Эпиграф № 1: «Американцы не хотят быть
убийцами, они хотят делать хирургические операции
над человечеством, в лучшем случае точечные
бомбардировки».


Татьяна Толстая


Эпиграф № 2: «Вот пусть, блять… засунет себе в
глотку ссаные тряпки на всю глубину гортани…»,
«Чувак, слово «хуй» слыхал? Вот сходи туда,


там тебя уже ждут».


Татьяна Толстая



Карьера писательницы Татьяны Толстой, как начинающего автора дюжины вполне проходных барочных рассказов, заслуживает изучения, ибо изобилует некоторыми моментами, открывающими секреты полишинеля для любознательных, взыскующих истины, не утративших чувства справедливости, добра и красоты.

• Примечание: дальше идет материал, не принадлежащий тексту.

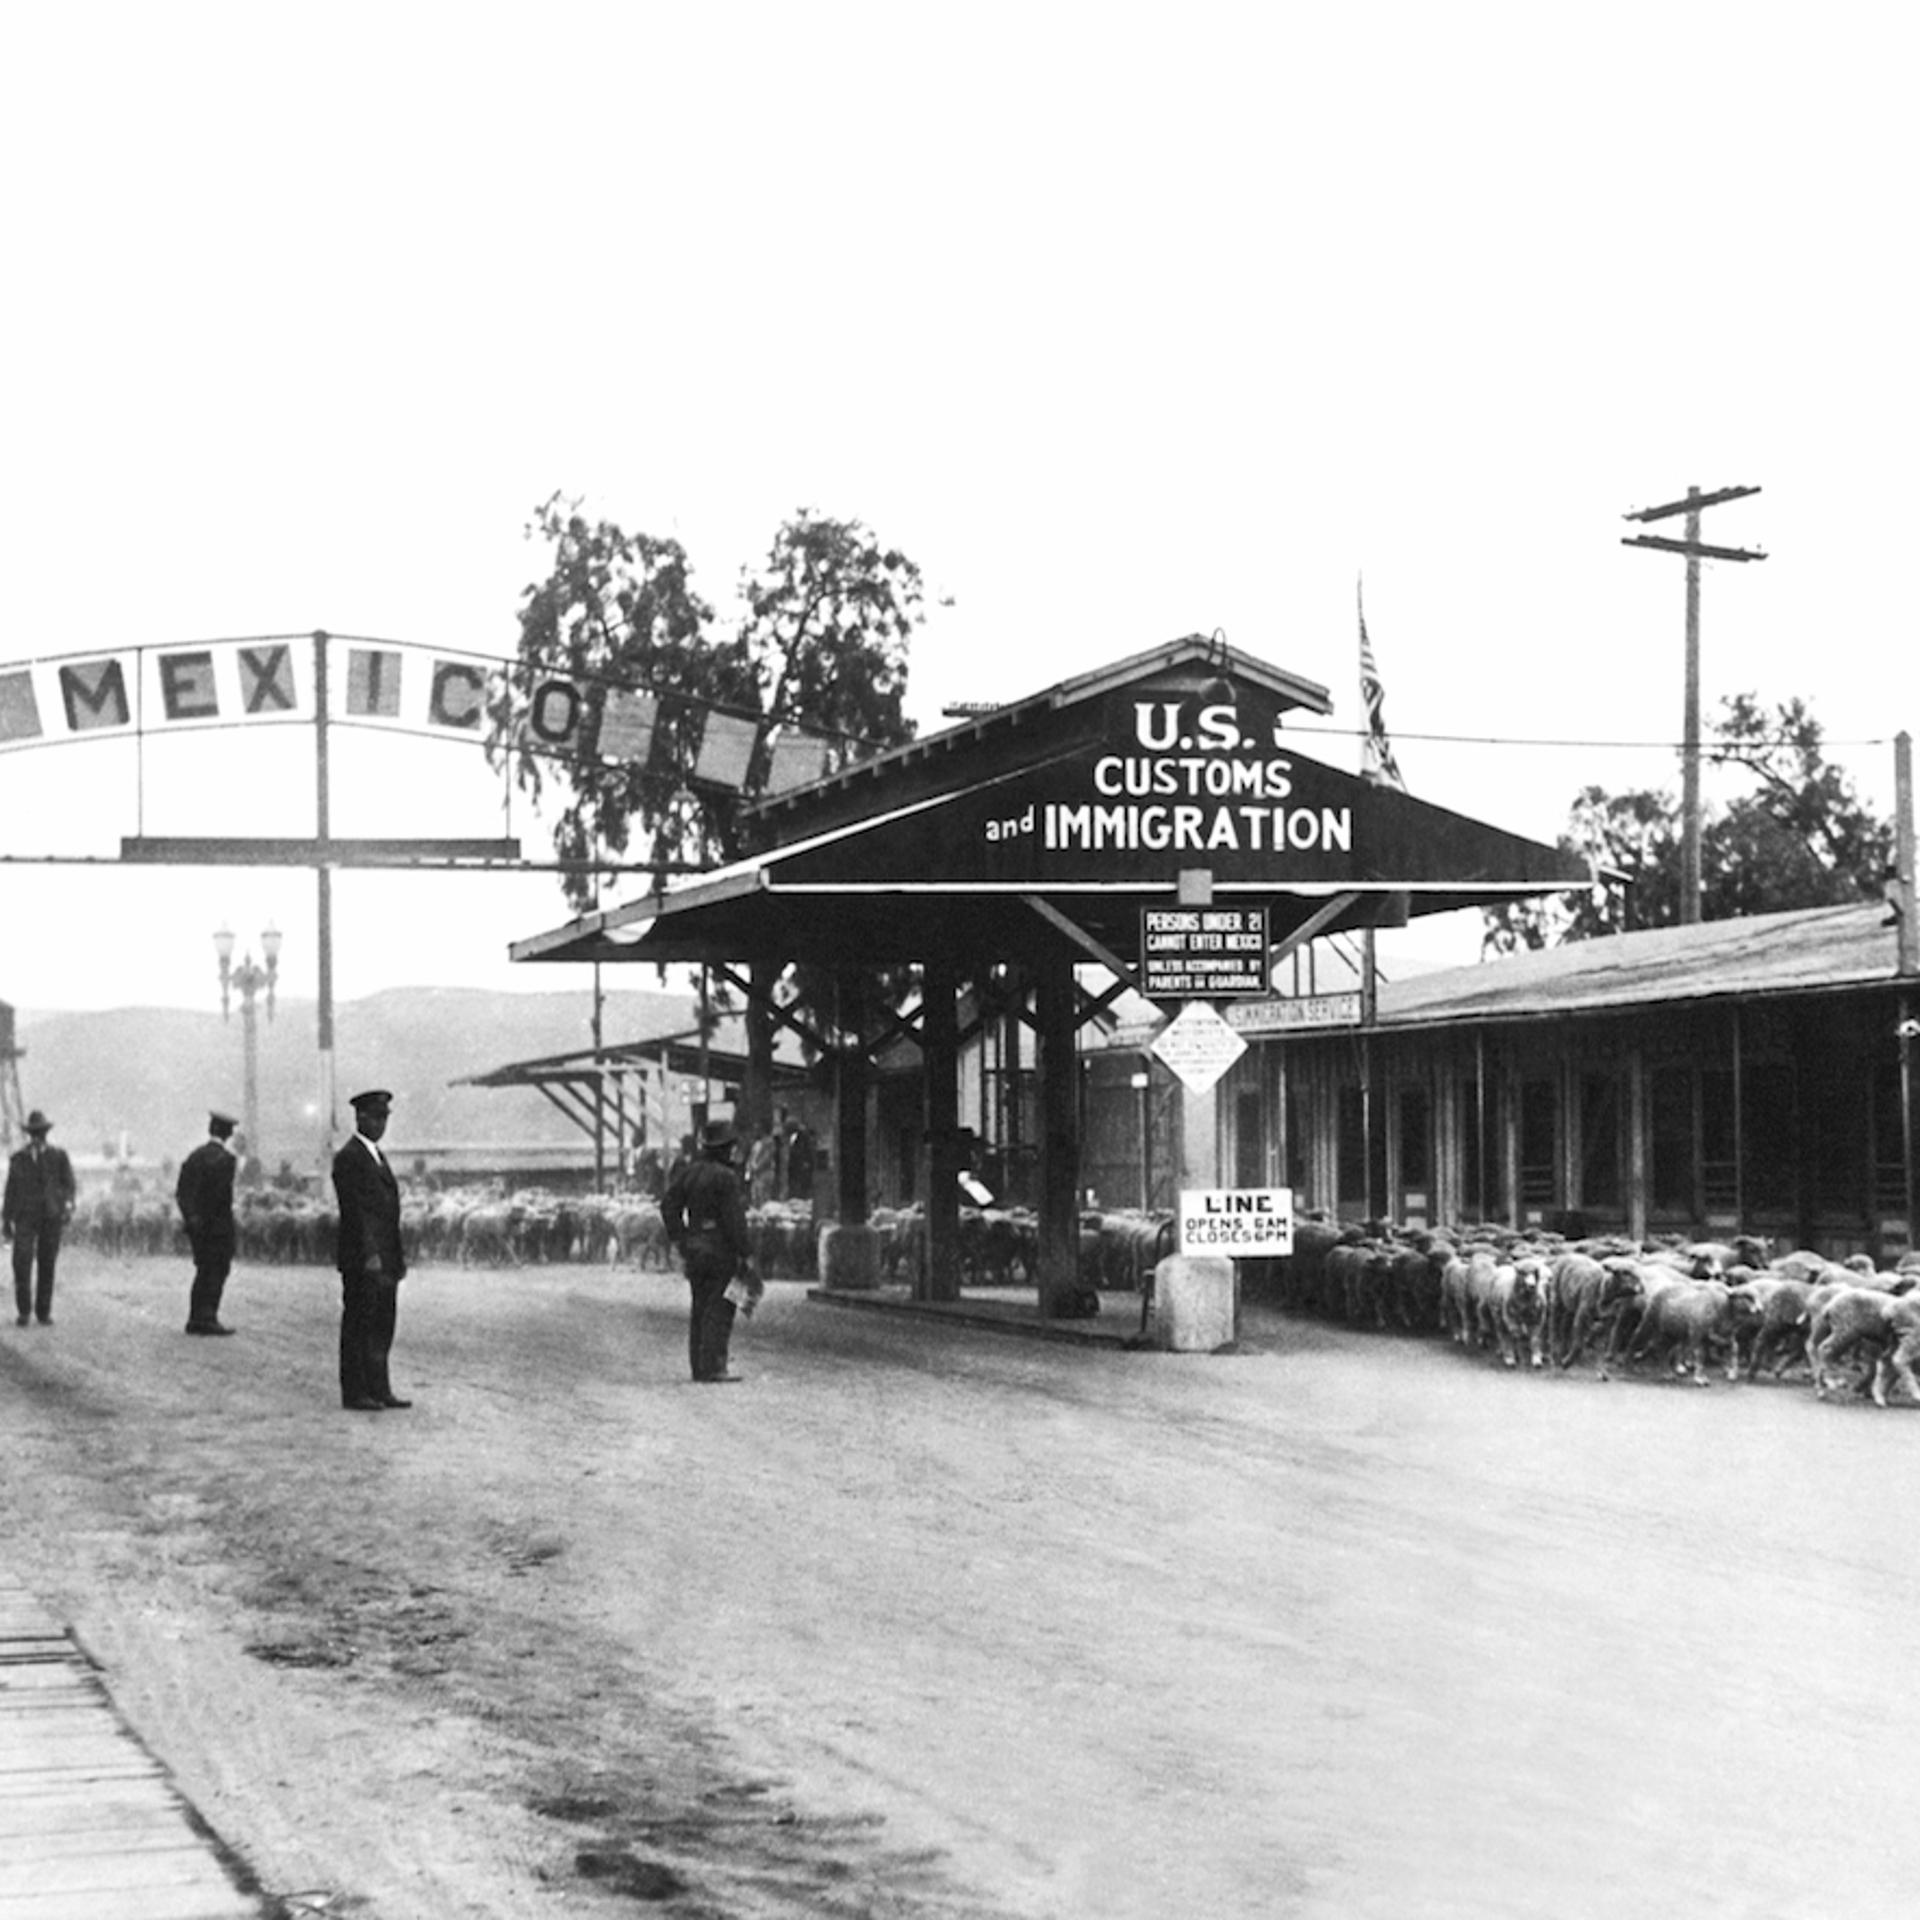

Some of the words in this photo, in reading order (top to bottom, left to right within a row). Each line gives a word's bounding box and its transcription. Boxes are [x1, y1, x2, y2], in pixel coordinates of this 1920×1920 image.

[59, 645, 580, 741] MEXICO
[1135, 703, 1255, 750] U.S.
[1095, 757, 1291, 798] CUSTOMS
[987, 805, 1033, 841] and
[1046, 805, 1350, 852] IMMIGRATION
[1146, 912, 1200, 931] PERSONS
[1203, 912, 1242, 931] UNDER
[1249, 912, 1262, 931] 21
[1190, 934, 1222, 950] ENTER
[1205, 1196, 1273, 1213] LINE
[1186, 1217, 1243, 1231] OPENS

Первый «татьянотолстовский» рассказ был опубликован в марте 1982 года. И принадлежал он вовсе не перу Толстой, а другой писательницы – Ирины Полянской.

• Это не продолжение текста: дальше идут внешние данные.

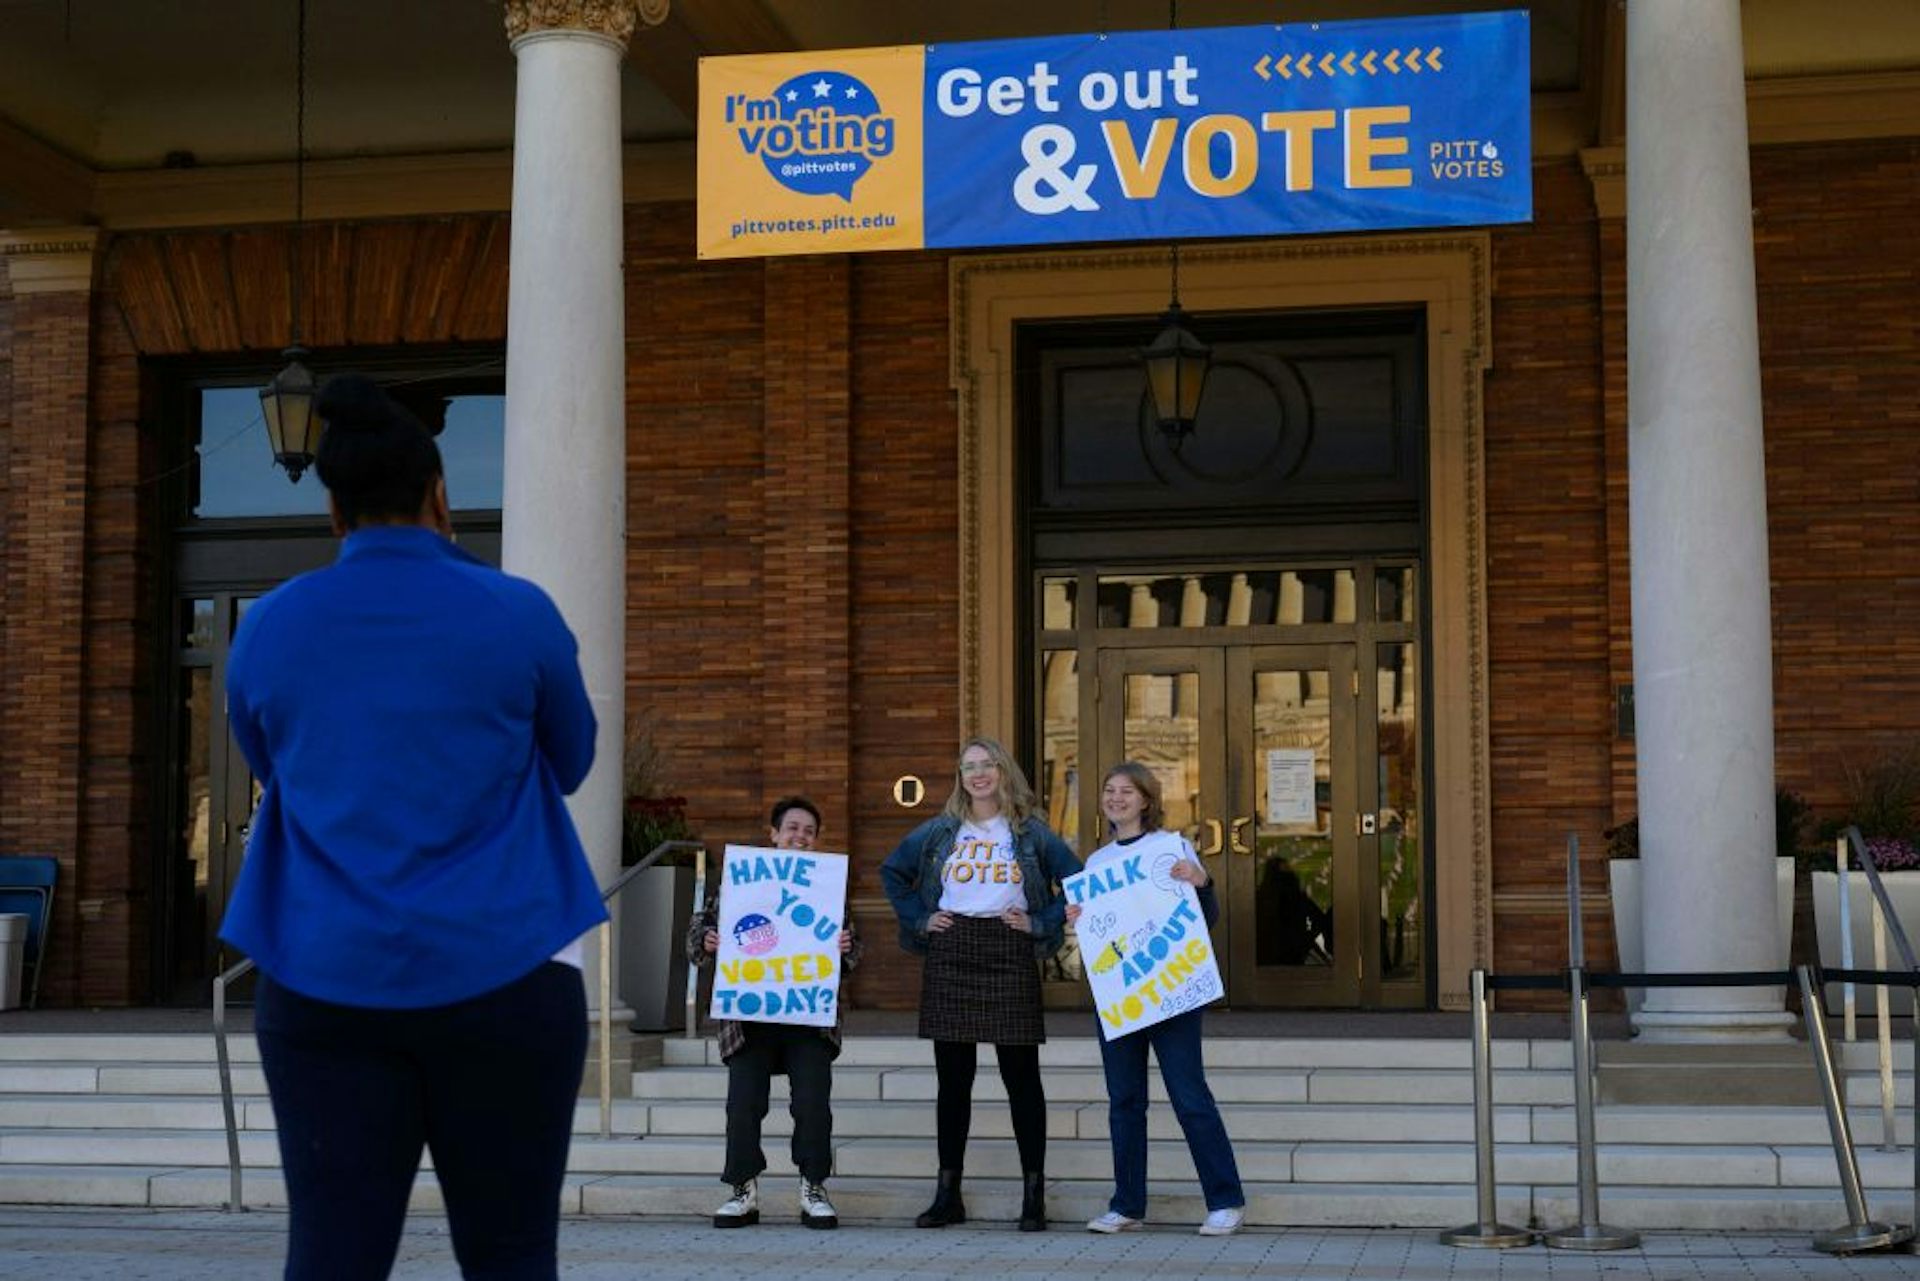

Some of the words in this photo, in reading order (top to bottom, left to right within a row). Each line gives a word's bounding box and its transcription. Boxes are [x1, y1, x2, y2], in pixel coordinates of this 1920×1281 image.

[936, 62, 1059, 118] Get
[1079, 55, 1200, 113] out
[725, 93, 778, 123] I'm
[738, 110, 895, 157] voting
[1430, 140, 1479, 159] PITT
[781, 161, 857, 177] @pittvotes
[1431, 160, 1504, 179] VOTES
[732, 213, 896, 240] pittvotes.pitt.edu
[729, 856, 816, 887] HAVE
[1067, 855, 1146, 904] TALK
[775, 888, 838, 941] YOU
[1121, 899, 1198, 989] ABOUT
[720, 953, 834, 984] VOTED
[1100, 938, 1208, 1029] VOTING
[716, 985, 834, 1016] TODAY?

Вот пассажи из этого чудного рассказа о первой любви, объясняющие откуда что пошло – этот накат виртуозного стилизма, лирический напор, пластика, полифонизм, музыкальность…


«…Здравствуй, милая лейка с помятым боком, ручной дождик! Здравствуйте и вы, грядки, на которых цвели, росли, созревали… И ты, шланг, здорово, улитка с тяжёлой внутренностью воды, павлинье оперенье влаги над смородиной, сад в бабочках, как в родинках, – привет!


Как живёшь, слива, на которой ничего не растёт, которая живёт сама по себе с выводком утят в своей барственной тени, как живёшь, вишня с прислонённой к клейкому тёмному боку лестницей? Колодезная глубина бидонов – чур, я вишню собираю, а Серёжка пускай крыжовник, нет, я первая сказала, не будем мы сидеть с Лёнькой, махнём-ка через забор да на речку, ишь чего придумали; марсианский стрёкот кузнечиков по ночам, а веранда на верёвках дикого винограда всё так же уносилась в небо, как качели…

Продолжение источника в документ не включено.